(Items listed in a dataset)
Start of Block
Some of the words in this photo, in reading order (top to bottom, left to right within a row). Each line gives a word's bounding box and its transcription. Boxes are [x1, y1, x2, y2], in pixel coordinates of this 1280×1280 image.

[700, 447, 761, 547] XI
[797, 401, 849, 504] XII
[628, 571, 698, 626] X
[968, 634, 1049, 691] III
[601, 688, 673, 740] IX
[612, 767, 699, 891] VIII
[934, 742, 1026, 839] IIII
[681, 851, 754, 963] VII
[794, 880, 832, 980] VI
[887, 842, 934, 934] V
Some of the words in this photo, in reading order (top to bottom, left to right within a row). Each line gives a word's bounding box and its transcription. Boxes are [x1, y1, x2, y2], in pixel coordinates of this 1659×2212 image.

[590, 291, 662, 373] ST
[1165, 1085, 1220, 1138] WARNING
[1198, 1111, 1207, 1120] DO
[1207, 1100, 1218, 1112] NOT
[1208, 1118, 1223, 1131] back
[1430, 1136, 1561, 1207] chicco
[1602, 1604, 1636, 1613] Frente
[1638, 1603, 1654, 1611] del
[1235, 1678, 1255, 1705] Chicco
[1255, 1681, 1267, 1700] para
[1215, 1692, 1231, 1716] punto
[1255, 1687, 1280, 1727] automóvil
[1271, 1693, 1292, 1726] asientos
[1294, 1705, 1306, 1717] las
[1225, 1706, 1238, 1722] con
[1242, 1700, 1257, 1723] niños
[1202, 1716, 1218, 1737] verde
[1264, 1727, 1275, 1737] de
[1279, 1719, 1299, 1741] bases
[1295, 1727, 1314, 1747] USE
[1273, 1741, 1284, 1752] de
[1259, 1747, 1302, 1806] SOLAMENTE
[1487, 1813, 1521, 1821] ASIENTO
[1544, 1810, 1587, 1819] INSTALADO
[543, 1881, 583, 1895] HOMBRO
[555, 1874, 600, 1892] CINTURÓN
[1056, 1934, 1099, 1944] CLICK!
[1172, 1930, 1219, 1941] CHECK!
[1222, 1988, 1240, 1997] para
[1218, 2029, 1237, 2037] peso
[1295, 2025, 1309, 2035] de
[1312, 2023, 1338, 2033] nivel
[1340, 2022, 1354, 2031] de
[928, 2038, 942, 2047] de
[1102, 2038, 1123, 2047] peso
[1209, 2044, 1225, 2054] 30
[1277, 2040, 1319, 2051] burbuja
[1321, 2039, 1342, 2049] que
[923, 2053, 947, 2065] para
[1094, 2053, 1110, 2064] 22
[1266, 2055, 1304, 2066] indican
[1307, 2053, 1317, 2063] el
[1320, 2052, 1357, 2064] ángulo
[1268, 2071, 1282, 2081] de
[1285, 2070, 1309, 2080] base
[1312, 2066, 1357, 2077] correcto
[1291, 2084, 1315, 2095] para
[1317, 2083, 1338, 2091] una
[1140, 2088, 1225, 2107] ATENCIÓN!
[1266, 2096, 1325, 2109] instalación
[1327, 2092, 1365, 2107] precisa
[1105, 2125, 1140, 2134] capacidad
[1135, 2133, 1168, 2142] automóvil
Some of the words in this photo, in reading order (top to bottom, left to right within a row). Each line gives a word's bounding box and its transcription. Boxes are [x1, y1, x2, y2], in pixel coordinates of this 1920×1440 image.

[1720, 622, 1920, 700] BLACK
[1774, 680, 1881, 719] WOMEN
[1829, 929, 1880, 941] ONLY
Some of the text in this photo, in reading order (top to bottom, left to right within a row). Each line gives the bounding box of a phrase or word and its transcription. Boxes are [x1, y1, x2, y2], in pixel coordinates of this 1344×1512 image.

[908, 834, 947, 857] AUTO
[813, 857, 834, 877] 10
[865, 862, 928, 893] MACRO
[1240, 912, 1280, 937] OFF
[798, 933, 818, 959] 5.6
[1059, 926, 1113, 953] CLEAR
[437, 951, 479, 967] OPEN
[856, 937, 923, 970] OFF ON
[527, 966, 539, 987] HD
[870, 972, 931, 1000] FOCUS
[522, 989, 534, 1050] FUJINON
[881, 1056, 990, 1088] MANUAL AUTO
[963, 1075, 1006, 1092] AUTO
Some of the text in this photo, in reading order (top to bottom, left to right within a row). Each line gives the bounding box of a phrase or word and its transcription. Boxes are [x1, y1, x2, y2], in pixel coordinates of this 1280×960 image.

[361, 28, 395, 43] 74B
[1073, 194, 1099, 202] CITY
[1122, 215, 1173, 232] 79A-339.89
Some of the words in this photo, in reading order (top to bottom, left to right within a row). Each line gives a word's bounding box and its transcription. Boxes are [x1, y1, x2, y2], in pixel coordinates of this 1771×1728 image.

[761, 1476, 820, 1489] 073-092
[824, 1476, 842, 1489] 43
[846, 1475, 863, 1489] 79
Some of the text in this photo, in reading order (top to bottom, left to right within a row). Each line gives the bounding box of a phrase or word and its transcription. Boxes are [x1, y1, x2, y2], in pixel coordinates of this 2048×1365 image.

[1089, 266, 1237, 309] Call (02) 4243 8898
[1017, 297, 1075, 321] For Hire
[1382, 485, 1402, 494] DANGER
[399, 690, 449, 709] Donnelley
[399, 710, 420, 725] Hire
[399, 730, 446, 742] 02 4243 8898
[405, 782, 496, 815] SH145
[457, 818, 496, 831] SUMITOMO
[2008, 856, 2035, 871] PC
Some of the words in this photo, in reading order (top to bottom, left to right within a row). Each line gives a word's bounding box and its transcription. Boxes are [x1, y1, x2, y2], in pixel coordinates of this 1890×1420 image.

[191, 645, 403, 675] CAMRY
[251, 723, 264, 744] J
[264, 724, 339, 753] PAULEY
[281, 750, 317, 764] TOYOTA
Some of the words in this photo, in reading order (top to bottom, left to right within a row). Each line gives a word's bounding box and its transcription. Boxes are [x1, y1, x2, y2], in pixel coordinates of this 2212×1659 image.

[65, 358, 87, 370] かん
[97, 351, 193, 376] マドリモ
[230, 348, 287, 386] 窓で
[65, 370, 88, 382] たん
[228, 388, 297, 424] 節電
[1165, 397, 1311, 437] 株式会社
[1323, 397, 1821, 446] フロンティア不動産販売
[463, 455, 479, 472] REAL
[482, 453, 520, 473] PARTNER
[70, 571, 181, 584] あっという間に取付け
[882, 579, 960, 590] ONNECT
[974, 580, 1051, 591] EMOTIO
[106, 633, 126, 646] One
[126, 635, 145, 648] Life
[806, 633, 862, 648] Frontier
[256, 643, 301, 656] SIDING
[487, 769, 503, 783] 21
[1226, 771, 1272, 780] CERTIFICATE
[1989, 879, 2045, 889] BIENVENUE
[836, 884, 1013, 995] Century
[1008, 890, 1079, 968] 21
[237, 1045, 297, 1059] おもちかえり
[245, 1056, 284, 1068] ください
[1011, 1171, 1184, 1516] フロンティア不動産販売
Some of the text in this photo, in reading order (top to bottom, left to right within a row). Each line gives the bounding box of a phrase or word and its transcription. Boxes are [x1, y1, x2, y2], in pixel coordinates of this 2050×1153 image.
End of Block
### Description of the task
Whatever appears in the data above should be set down again exactly.

### Worked solution
Some of the words in this photo, in reading order (top to bottom, left to right within a row). Each line gives a word's bounding box and its transcription. Boxes are [x1, y1, x2, y2], in pixel coordinates of this 1280×1280 image.

[700, 447, 761, 547] XI
[797, 401, 849, 504] XII
[628, 571, 698, 626] X
[968, 634, 1049, 691] III
[601, 688, 673, 740] IX
[612, 767, 699, 891] VIII
[934, 742, 1026, 839] IIII
[681, 851, 754, 963] VII
[794, 880, 832, 980] VI
[887, 842, 934, 934] V
Some of the words in this photo, in reading order (top to bottom, left to right within a row). Each line gives a word's bounding box and its transcription. Boxes are [x1, y1, x2, y2], in pixel coordinates of this 1659×2212 image.

[590, 291, 662, 373] ST
[1165, 1085, 1220, 1138] WARNING
[1198, 1111, 1207, 1120] DO
[1207, 1100, 1218, 1112] NOT
[1208, 1118, 1223, 1131] back
[1430, 1136, 1561, 1207] chicco
[1602, 1604, 1636, 1613] Frente
[1638, 1603, 1654, 1611] del
[1235, 1678, 1255, 1705] Chicco
[1255, 1681, 1267, 1700] para
[1215, 1692, 1231, 1716] punto
[1255, 1687, 1280, 1727] automóvil
[1271, 1693, 1292, 1726] asientos
[1294, 1705, 1306, 1717] las
[1225, 1706, 1238, 1722] con
[1242, 1700, 1257, 1723] niños
[1202, 1716, 1218, 1737] verde
[1264, 1727, 1275, 1737] de
[1279, 1719, 1299, 1741] bases
[1295, 1727, 1314, 1747] USE
[1273, 1741, 1284, 1752] de
[1259, 1747, 1302, 1806] SOLAMENTE
[1487, 1813, 1521, 1821] ASIENTO
[1544, 1810, 1587, 1819] INSTALADO
[543, 1881, 583, 1895] HOMBRO
[555, 1874, 600, 1892] CINTURÓN
[1056, 1934, 1099, 1944] CLICK!
[1172, 1930, 1219, 1941] CHECK!
[1222, 1988, 1240, 1997] para
[1218, 2029, 1237, 2037] peso
[1295, 2025, 1309, 2035] de
[1312, 2023, 1338, 2033] nivel
[1340, 2022, 1354, 2031] de
[928, 2038, 942, 2047] de
[1102, 2038, 1123, 2047] peso
[1209, 2044, 1225, 2054] 30
[1277, 2040, 1319, 2051] burbuja
[1321, 2039, 1342, 2049] que
[923, 2053, 947, 2065] para
[1094, 2053, 1110, 2064] 22
[1266, 2055, 1304, 2066] indican
[1307, 2053, 1317, 2063] el
[1320, 2052, 1357, 2064] ángulo
[1268, 2071, 1282, 2081] de
[1285, 2070, 1309, 2080] base
[1312, 2066, 1357, 2077] correcto
[1291, 2084, 1315, 2095] para
[1317, 2083, 1338, 2091] una
[1140, 2088, 1225, 2107] ATENCIÓN!
[1266, 2096, 1325, 2109] instalación
[1327, 2092, 1365, 2107] precisa
[1105, 2125, 1140, 2134] capacidad
[1135, 2133, 1168, 2142] automóvil
Some of the words in this photo, in reading order (top to bottom, left to right within a row). Each line gives a word's bounding box and its transcription. Boxes are [x1, y1, x2, y2], in pixel coordinates of this 1920×1440 image.

[1720, 622, 1920, 700] BLACK
[1774, 680, 1881, 719] WOMEN
[1829, 929, 1880, 941] ONLY
Some of the text in this photo, in reading order (top to bottom, left to right within a row). Each line gives the bounding box of a phrase or word and its transcription. Boxes are [x1, y1, x2, y2], in pixel coordinates of this 1344×1512 image.

[908, 834, 947, 857] AUTO
[813, 857, 834, 877] 10
[865, 862, 928, 893] MACRO
[1240, 912, 1280, 937] OFF
[798, 933, 818, 959] 5.6
[1059, 926, 1113, 953] CLEAR
[437, 951, 479, 967] OPEN
[856, 937, 923, 970] OFF ON
[527, 966, 539, 987] HD
[870, 972, 931, 1000] FOCUS
[522, 989, 534, 1050] FUJINON
[881, 1056, 990, 1088] MANUAL AUTO
[963, 1075, 1006, 1092] AUTO
Some of the text in this photo, in reading order (top to bottom, left to right within a row). Each line gives the bounding box of a phrase or word and its transcription. Boxes are [x1, y1, x2, y2], in pixel coordinates of this 1280×960 image.

[361, 28, 395, 43] 74B
[1073, 194, 1099, 202] CITY
[1122, 215, 1173, 232] 79A-339.89
Some of the words in this photo, in reading order (top to bottom, left to right within a row). Each line gives a word's bounding box and its transcription. Boxes are [x1, y1, x2, y2], in pixel coordinates of this 1771×1728 image.

[761, 1476, 820, 1489] 073-092
[824, 1476, 842, 1489] 43
[846, 1475, 863, 1489] 79
Some of the text in this photo, in reading order (top to bottom, left to right within a row). Each line gives the bounding box of a phrase or word and its transcription. Boxes are [x1, y1, x2, y2], in pixel coordinates of this 2048×1365 image.

[1089, 266, 1237, 309] Call (02) 4243 8898
[1017, 297, 1075, 321] For Hire
[1382, 485, 1402, 494] DANGER
[399, 690, 449, 709] Donnelley
[399, 710, 420, 725] Hire
[399, 730, 446, 742] 02 4243 8898
[405, 782, 496, 815] SH145
[457, 818, 496, 831] SUMITOMO
[2008, 856, 2035, 871] PC
Some of the words in this photo, in reading order (top to bottom, left to right within a row). Each line gives a word's bounding box and its transcription. Boxes are [x1, y1, x2, y2], in pixel coordinates of this 1890×1420 image.

[191, 645, 403, 675] CAMRY
[251, 723, 264, 744] J
[264, 724, 339, 753] PAULEY
[281, 750, 317, 764] TOYOTA
Some of the words in this photo, in reading order (top to bottom, left to right within a row). Each line gives a word's bounding box and its transcription. Boxes are [x1, y1, x2, y2], in pixel coordinates of this 2212×1659 image.

[65, 358, 87, 370] かん
[97, 351, 193, 376] マドリモ
[230, 348, 287, 386] 窓で
[65, 370, 88, 382] たん
[228, 388, 297, 424] 節電
[1165, 397, 1311, 437] 株式会社
[1323, 397, 1821, 446] フロンティア不動産販売
[463, 455, 479, 472] REAL
[482, 453, 520, 473] PARTNER
[70, 571, 181, 584] あっという間に取付け
[882, 579, 960, 590] ONNECT
[974, 580, 1051, 591] EMOTIO
[106, 633, 126, 646] One
[126, 635, 145, 648] Life
[806, 633, 862, 648] Frontier
[256, 643, 301, 656] SIDING
[487, 769, 503, 783] 21
[1226, 771, 1272, 780] CERTIFICATE
[1989, 879, 2045, 889] BIENVENUE
[836, 884, 1013, 995] Century
[1008, 890, 1079, 968] 21
[237, 1045, 297, 1059] おもちかえり
[245, 1056, 284, 1068] ください
[1011, 1171, 1184, 1516] フロンティア不動産販売
Some of the text in this photo, in reading order (top to bottom, left to right within a row). Each line gives the bounding box of a phrase or word and its transcription. Boxes are [x1, y1, x2, y2], in pixel coordinates of this 2050×1153 image.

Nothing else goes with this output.